Your goal. The records underneath are to be printed in full and exactly, with no pictures carried over.

::::::::

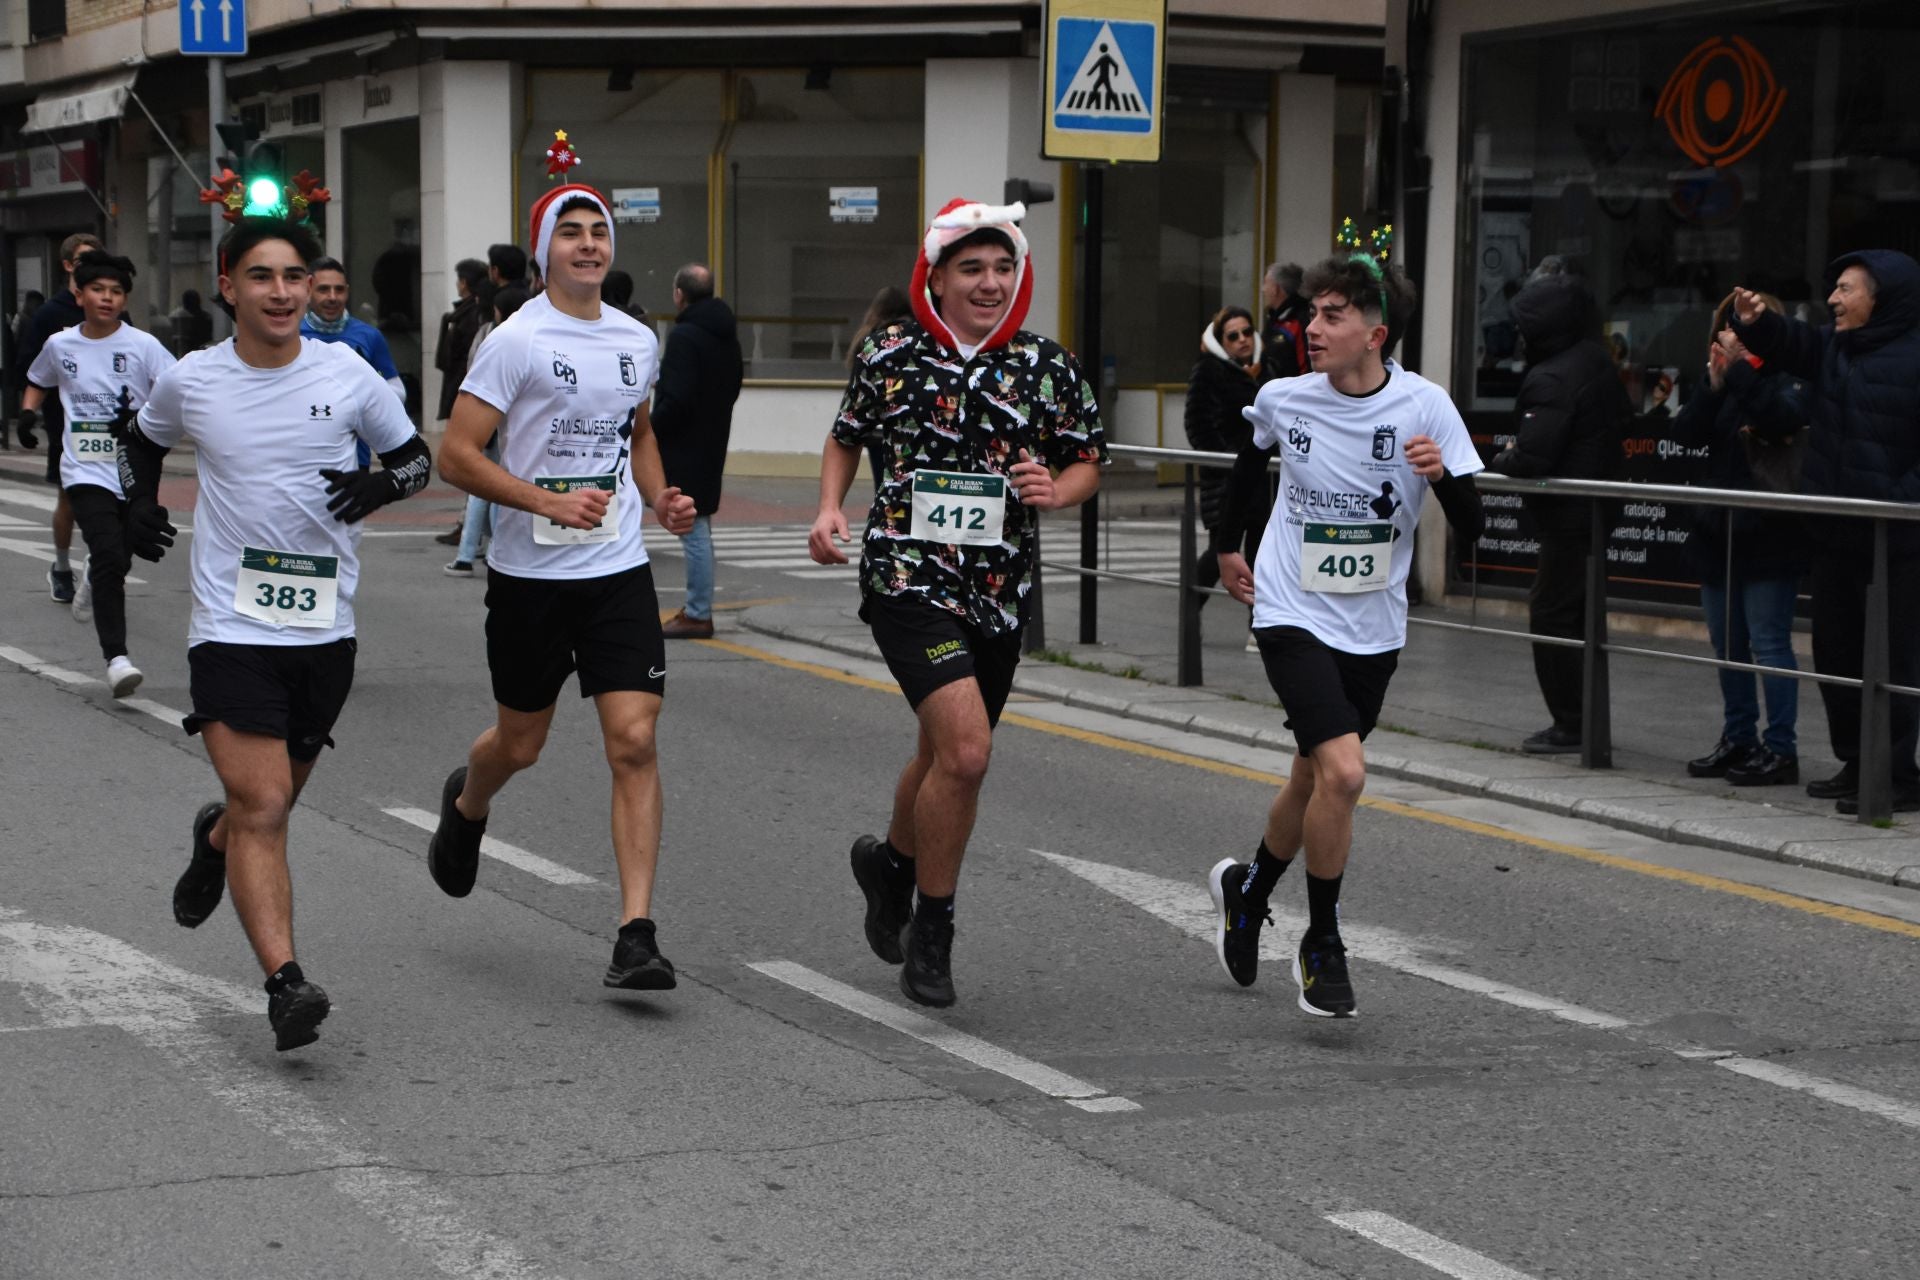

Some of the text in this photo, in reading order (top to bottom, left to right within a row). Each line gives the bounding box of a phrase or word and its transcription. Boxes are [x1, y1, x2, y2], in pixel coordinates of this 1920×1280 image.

[552, 360, 577, 385] CPJ
[550, 418, 618, 436] SAN SILVESTRE
[79, 438, 114, 453] 288
[1288, 427, 1312, 454] CPJ
[1622, 438, 1656, 458] guro
[1288, 485, 1369, 511] SAN SILVESTRE
[928, 504, 986, 530] 412
[1642, 524, 1656, 540] de
[1656, 525, 1666, 541] la
[1666, 528, 1689, 543] mio
[1619, 547, 1648, 563] visual
[1318, 555, 1374, 577] 403
[255, 583, 317, 611] 383
[926, 639, 961, 660] base
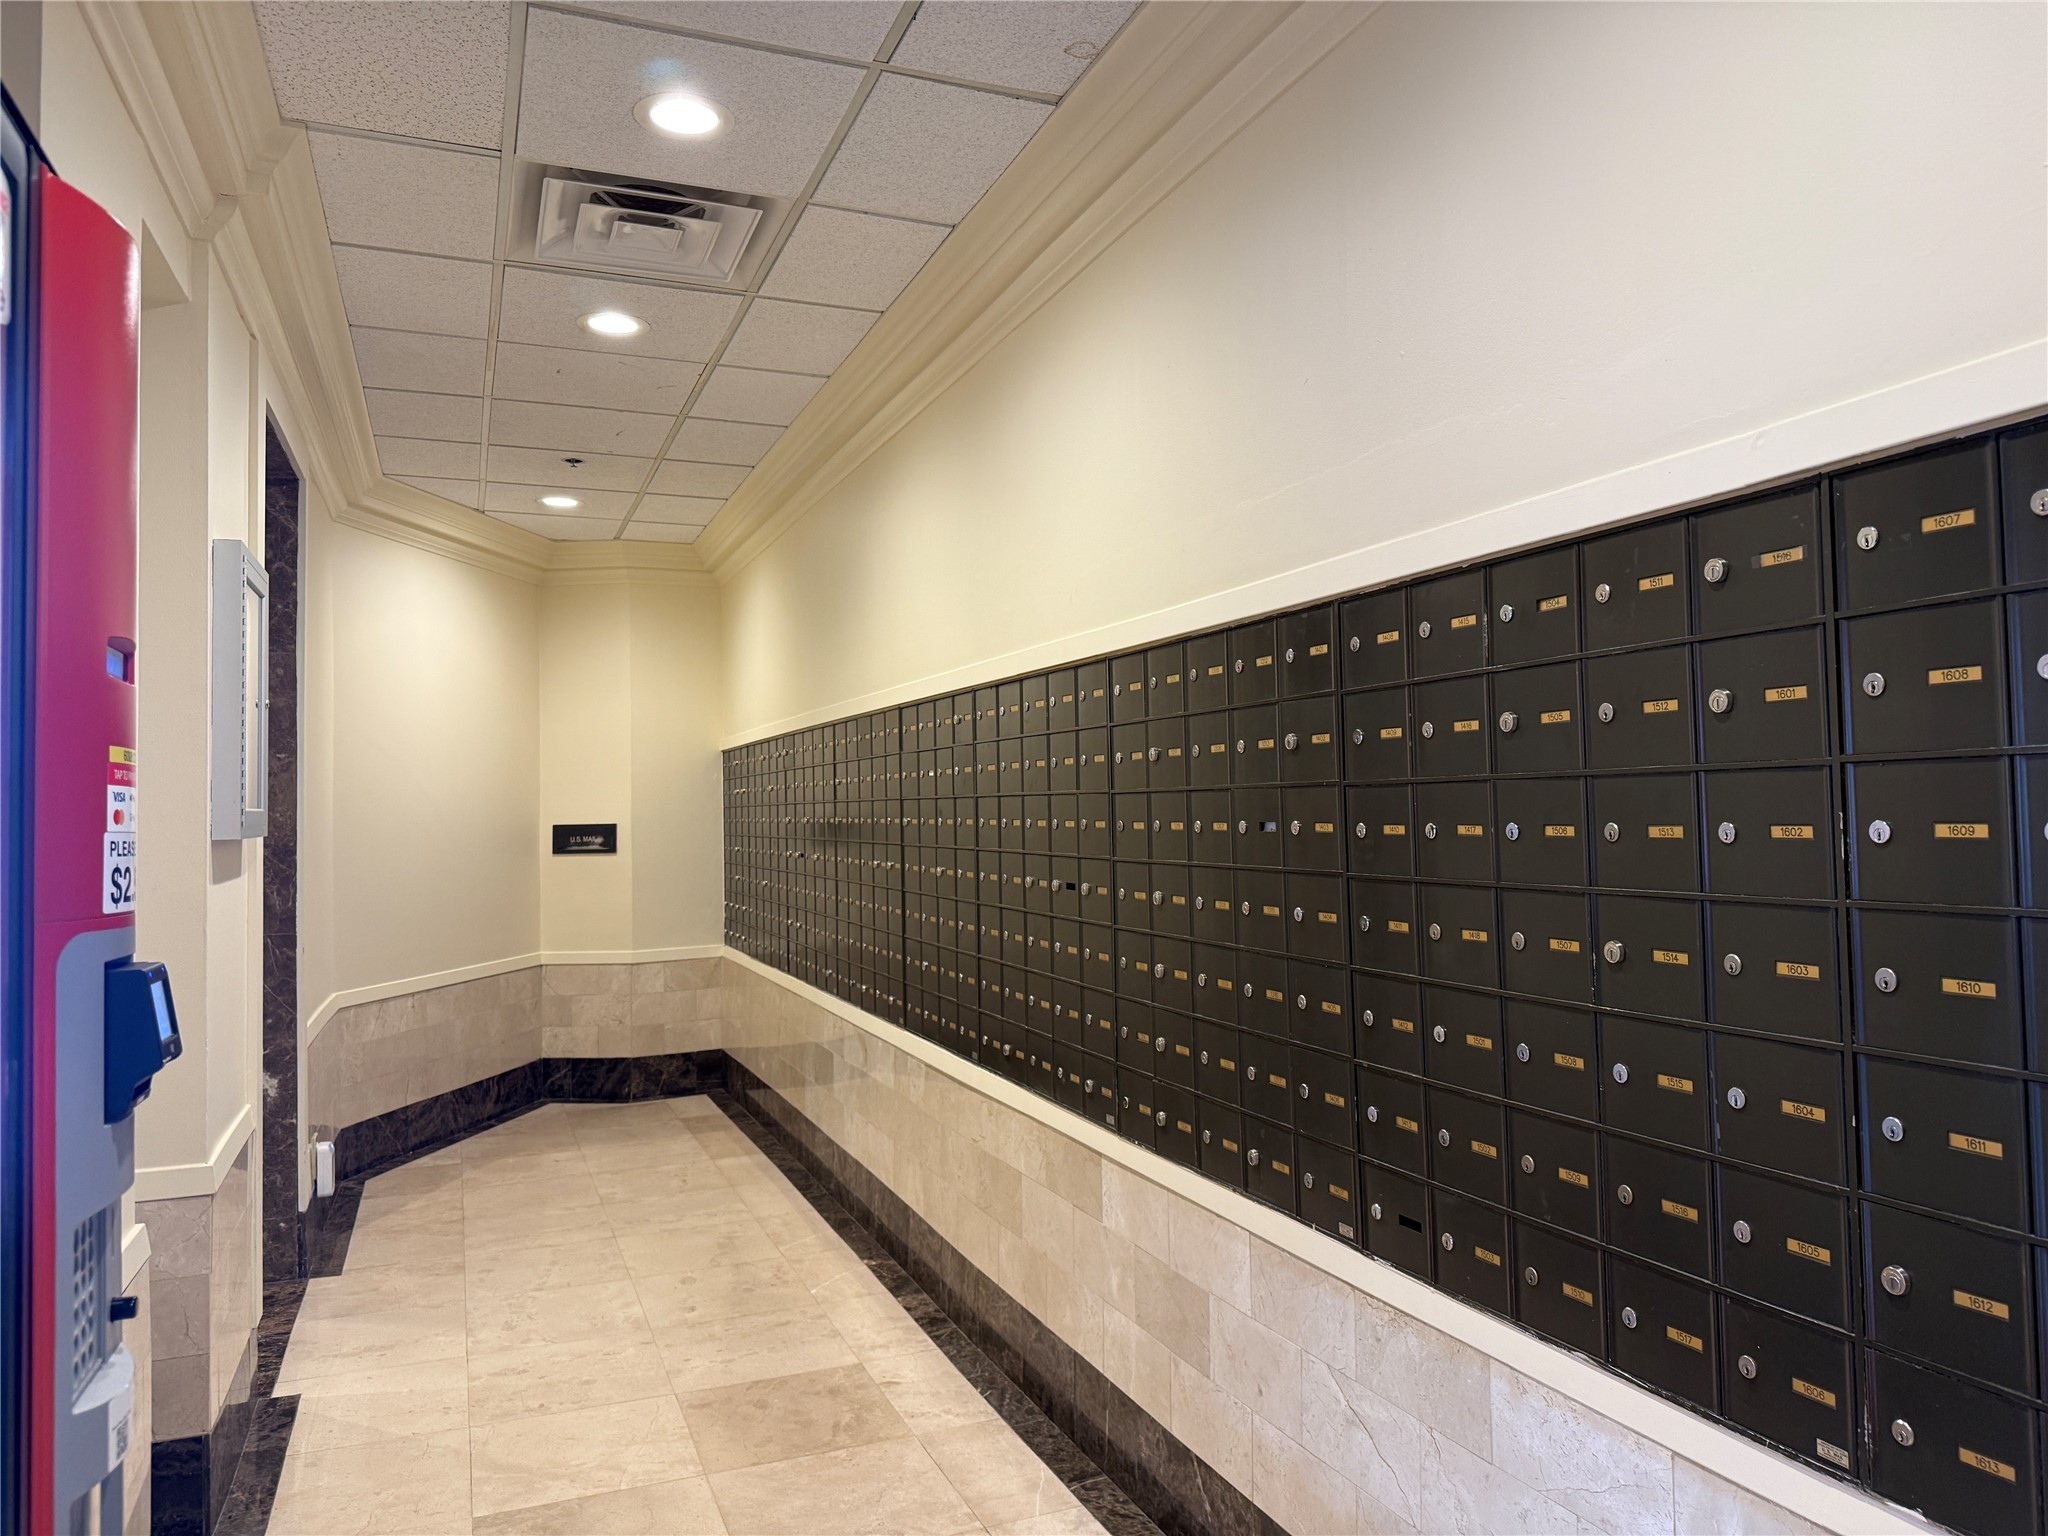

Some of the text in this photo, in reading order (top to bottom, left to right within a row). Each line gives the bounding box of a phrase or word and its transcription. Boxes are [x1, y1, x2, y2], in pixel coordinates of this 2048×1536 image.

[1933, 512, 1961, 528] 1607
[1649, 576, 1663, 588] 1511
[1544, 598, 1561, 608] 1504
[1457, 616, 1471, 626] 1415
[1382, 632, 1394, 643] 1408
[1941, 668, 1969, 681] 1608
[1775, 688, 1796, 700] 1601
[1652, 701, 1670, 712] 1512
[1547, 712, 1564, 722] 1505
[1460, 721, 1473, 730] 1416
[1385, 728, 1398, 737] 1409
[112, 791, 126, 802] VISA
[1464, 826, 1477, 834] 1417
[1551, 826, 1568, 836] 1506
[1657, 827, 1675, 838] 1513
[1780, 826, 1804, 837] 1602
[1947, 824, 1976, 837] 1609
[1468, 931, 1481, 940] 1418
[1556, 940, 1573, 950] 1507
[1662, 952, 1679, 963] 1514
[1786, 964, 1809, 976] 1603
[1956, 981, 1982, 994] 1610
[1397, 1020, 1409, 1030] 1412
[1472, 1037, 1486, 1047] 1501
[1560, 1055, 1577, 1067] 1508
[1666, 1077, 1684, 1089] 1515
[1792, 1104, 1815, 1118] 1604
[1476, 1143, 1491, 1155] 1502
[1965, 1138, 1986, 1153] 1611
[1565, 1170, 1581, 1183] 1509
[1671, 1204, 1689, 1217] 1516
[1480, 1249, 1495, 1263] 1503
[1796, 1242, 1821, 1258] 1605
[1570, 1287, 1586, 1300] 1510
[1968, 1296, 1994, 1314] 1612
[1676, 1331, 1693, 1345] 1517
[1802, 1383, 1826, 1401] 1606
[1974, 1455, 2001, 1474] 1613
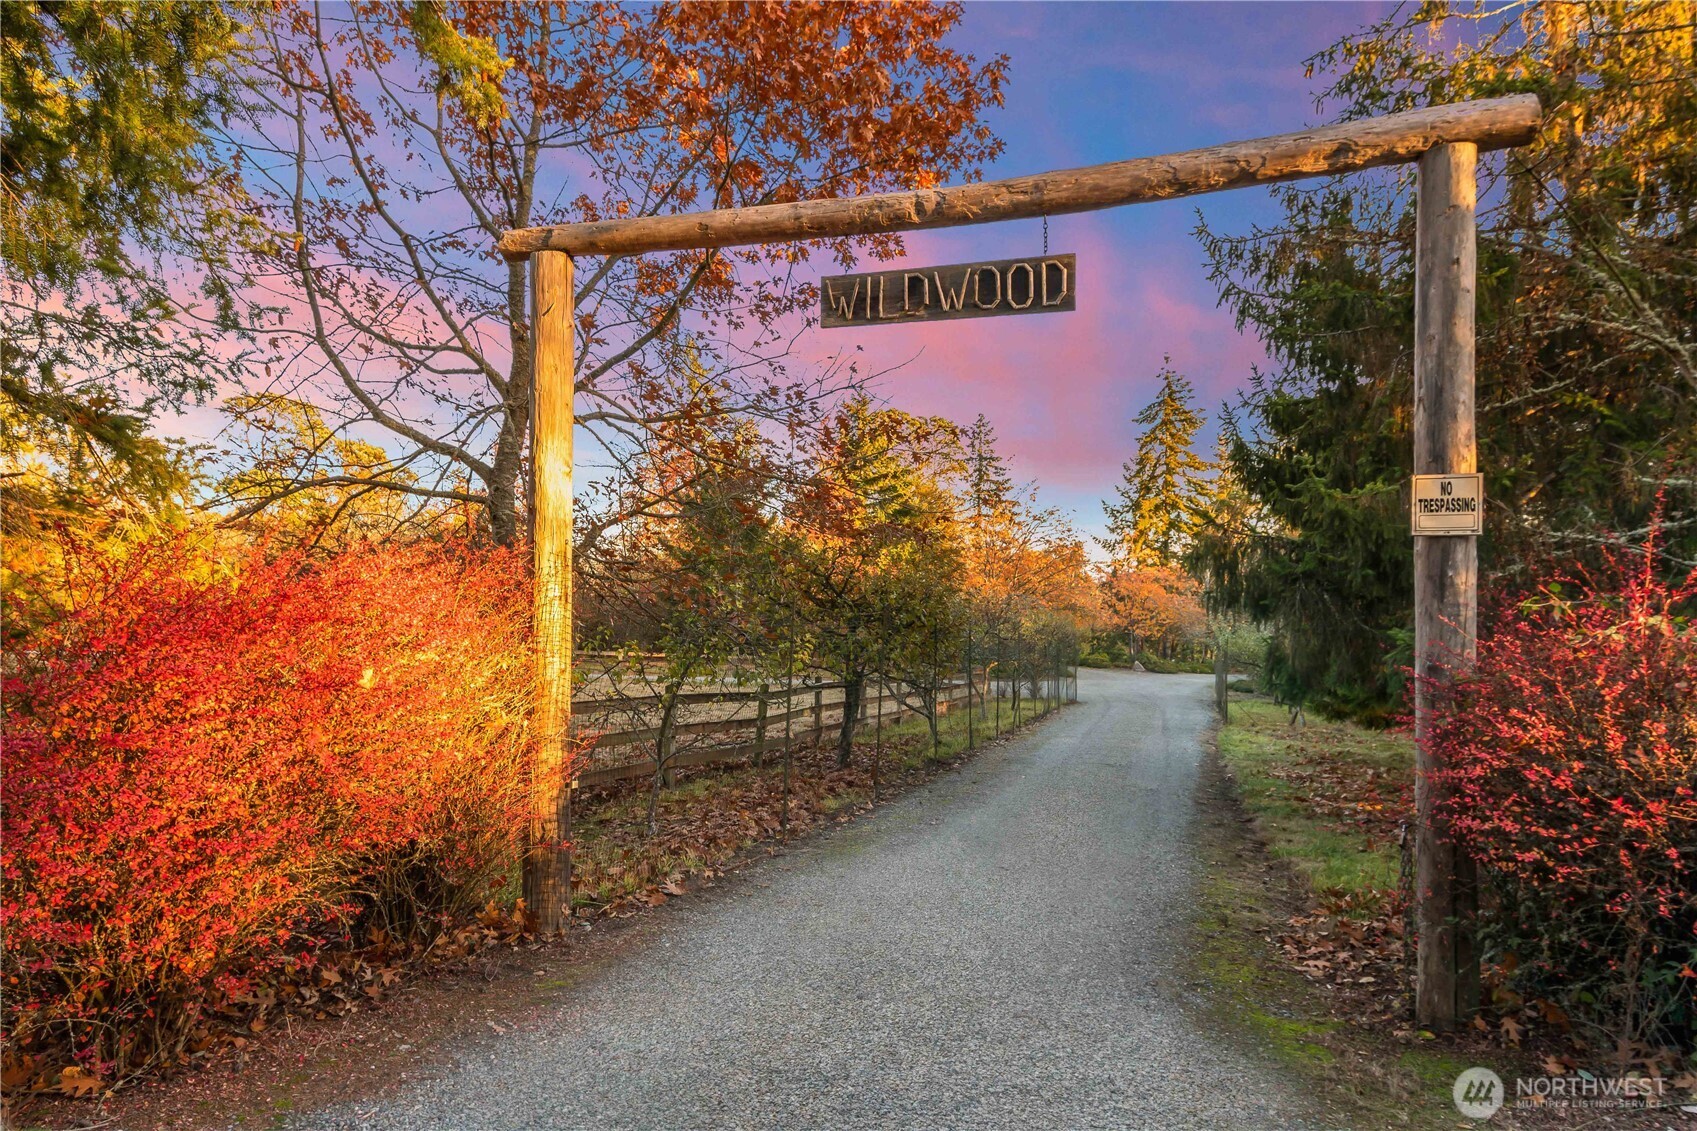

::::::::

Written answer.
Some of the text in this photo, in reading order (top to bottom, left to right within a row). Each line gives the bounding box of a phrase or word and its transcription. Boxes are [x1, y1, x2, y2], in pixel coordinates of this 1920×1280 image.

[552, 360, 577, 385] CPJ
[550, 418, 618, 436] SAN SILVESTRE
[79, 438, 114, 453] 288
[1288, 427, 1312, 454] CPJ
[1622, 438, 1656, 458] guro
[1288, 485, 1369, 511] SAN SILVESTRE
[928, 504, 986, 530] 412
[1642, 524, 1656, 540] de
[1656, 525, 1666, 541] la
[1666, 528, 1689, 543] mio
[1619, 547, 1648, 563] visual
[1318, 555, 1374, 577] 403
[255, 583, 317, 611] 383
[926, 639, 961, 660] base

Some of the text in this photo, in reading order (top to bottom, left to right within a row). Each line gives the bounding box of a phrase or word and its transcription. Boxes are [x1, y1, x2, y2], in pixel coordinates of this 2048×1536 image.

[1933, 512, 1961, 528] 1607
[1649, 576, 1663, 588] 1511
[1544, 598, 1561, 608] 1504
[1457, 616, 1471, 626] 1415
[1382, 632, 1394, 643] 1408
[1941, 668, 1969, 681] 1608
[1775, 688, 1796, 700] 1601
[1652, 701, 1670, 712] 1512
[1547, 712, 1564, 722] 1505
[1460, 721, 1473, 730] 1416
[1385, 728, 1398, 737] 1409
[112, 791, 126, 802] VISA
[1464, 826, 1477, 834] 1417
[1551, 826, 1568, 836] 1506
[1657, 827, 1675, 838] 1513
[1780, 826, 1804, 837] 1602
[1947, 824, 1976, 837] 1609
[1468, 931, 1481, 940] 1418
[1556, 940, 1573, 950] 1507
[1662, 952, 1679, 963] 1514
[1786, 964, 1809, 976] 1603
[1956, 981, 1982, 994] 1610
[1397, 1020, 1409, 1030] 1412
[1472, 1037, 1486, 1047] 1501
[1560, 1055, 1577, 1067] 1508
[1666, 1077, 1684, 1089] 1515
[1792, 1104, 1815, 1118] 1604
[1476, 1143, 1491, 1155] 1502
[1965, 1138, 1986, 1153] 1611
[1565, 1170, 1581, 1183] 1509
[1671, 1204, 1689, 1217] 1516
[1480, 1249, 1495, 1263] 1503
[1796, 1242, 1821, 1258] 1605
[1570, 1287, 1586, 1300] 1510
[1968, 1296, 1994, 1314] 1612
[1676, 1331, 1693, 1345] 1517
[1802, 1383, 1826, 1401] 1606
[1974, 1455, 2001, 1474] 1613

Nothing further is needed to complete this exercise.